一太は初めて触れる色々な知識に驚きを隠しきれないようで、やがて嵐山に扱かれた忠次がべそをかきつつ謝る声を上げるまでの間、休憩をしつつそれぞれの知識を一太へと伝えるのでした。
「隠す事自体が誠意に欠けると判断した。‥‥背中を預ける以上、全て知らせる」
そう門番と牢番へと告げるのはラスティ。
ラスティは自身の耳を見せ、ハーフエルフとはどういう物か、感情の高まりや緊迫感によってどのような状態になるか、それを伝え。
「正直、なってみねぇとなんとも言えねぇが‥‥それを先に伝えてくれてんだったら、何かあっても対処は出来らぁな」
「うちは御頭様が御頭様だ、信用してくれるってんだったら、俺等も信用しねぇ理由はねぇ」
始めは硬い表情をしていた門番も牢番も、同じ力はなくとも信用して背中を預けるというラスティに何度も頷いて。
「何かあった?」
そこへ足早に戻ってきたリーゼは、詰め所で会話しているラスティ達の様子を目にすると目を瞬かせるのでした。
●男と女
「では、役宅は任せた」
「はいっ、大丈夫です、安心してお仕事をしてきて下さい」
明衣にこっくりと頷く一太は、ここ数日で見違えるように逞しくなったように見えて。
「じゃあ、頑張ってねっ!」
「はい、石榴さんも気を付けてくださいね」
石榴が改方の羽織を上に着つつ言えば、レヴィンは石榴を気遣うようにそう声をかけて。
リーゼが酒場で聞き込んできた内容は、何やら女が浪人に金を握らせて物騒な話をしていたのを偶然聞いてしまった職人がいて、どうやら牢にいる男を手薄になっている今助けだそうと企んでいたというもの。

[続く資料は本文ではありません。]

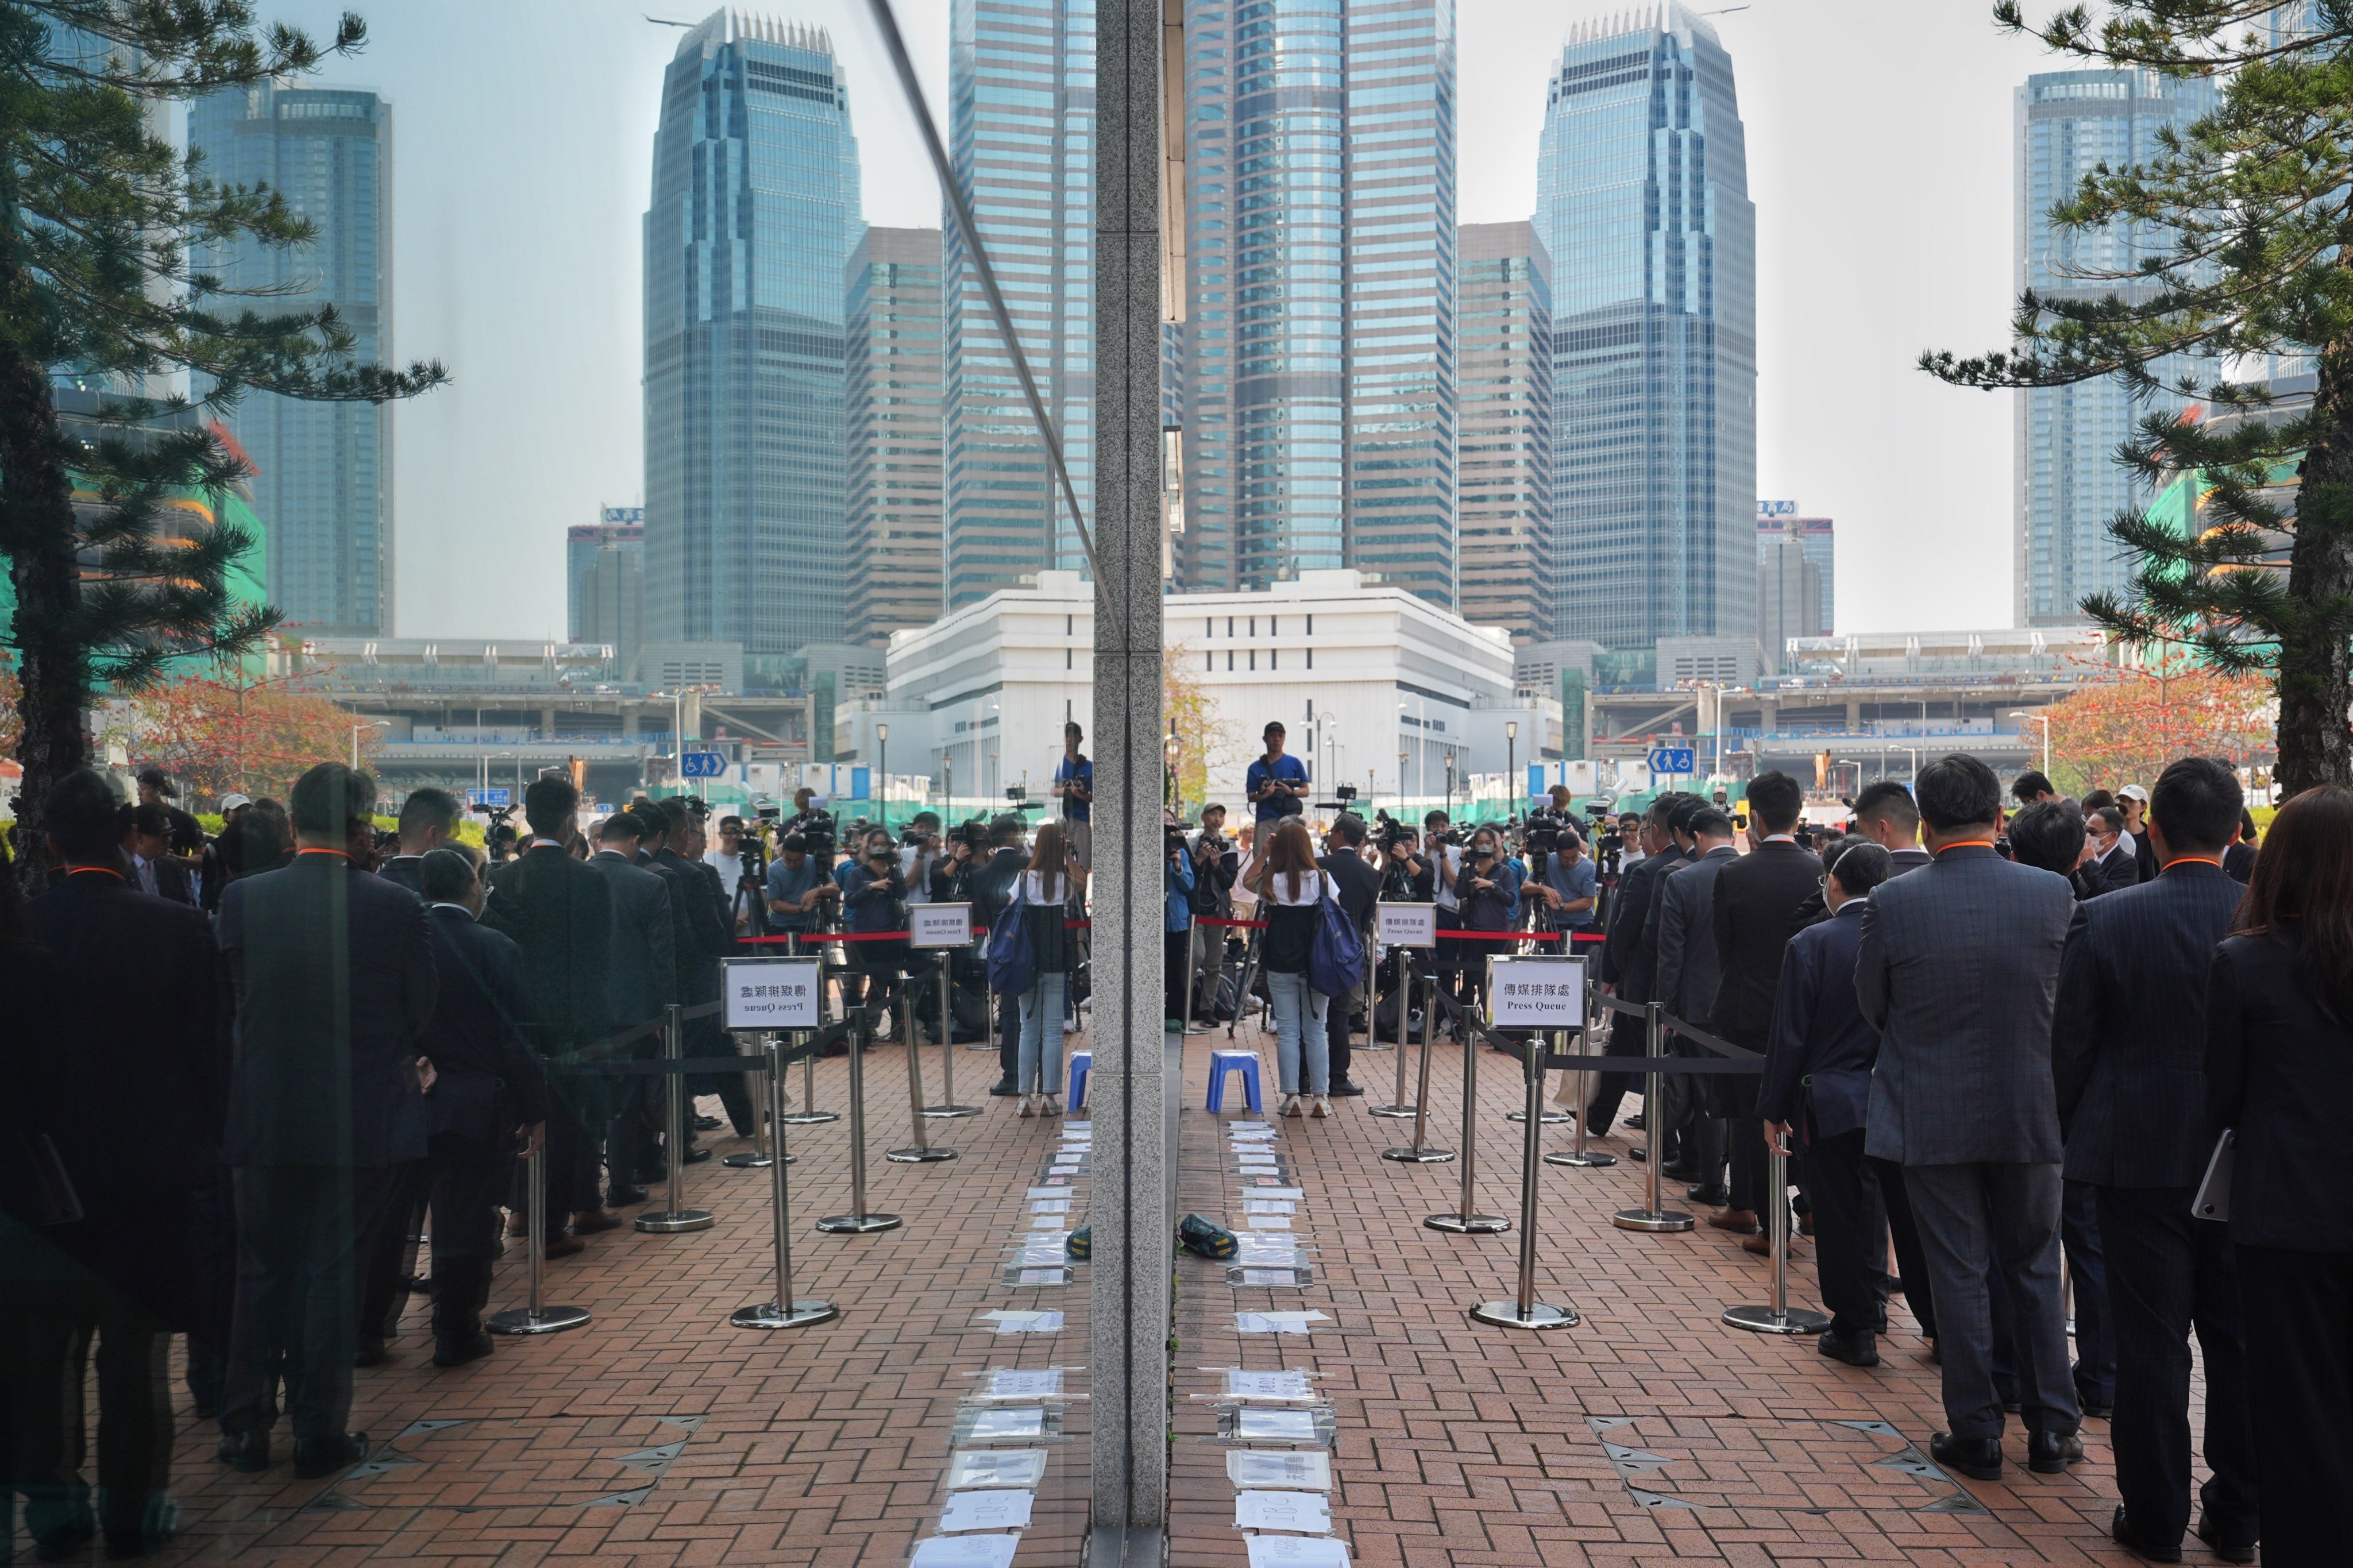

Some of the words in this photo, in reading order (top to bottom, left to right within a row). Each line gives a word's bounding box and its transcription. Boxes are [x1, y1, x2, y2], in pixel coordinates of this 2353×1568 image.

「郊外で同じ空き家を使っていた男達についても口にしていたようで、『あと1日早ければあの男達の分で更に稼げたのにねぇ』って言っていたそうだから、恐らく男達の方は宿を変えたみたいね」
リーゼの言葉に頷くモンド。
「もしくは市内へと移ってきて窺っているのやもしれんが‥‥そちらは任せよう」
「おうよ」
答える嵐山、リーゼと石榴、それに嵐山を除いた一行は、女達が潜伏しているという空き家へと急ぎ向かうのでした。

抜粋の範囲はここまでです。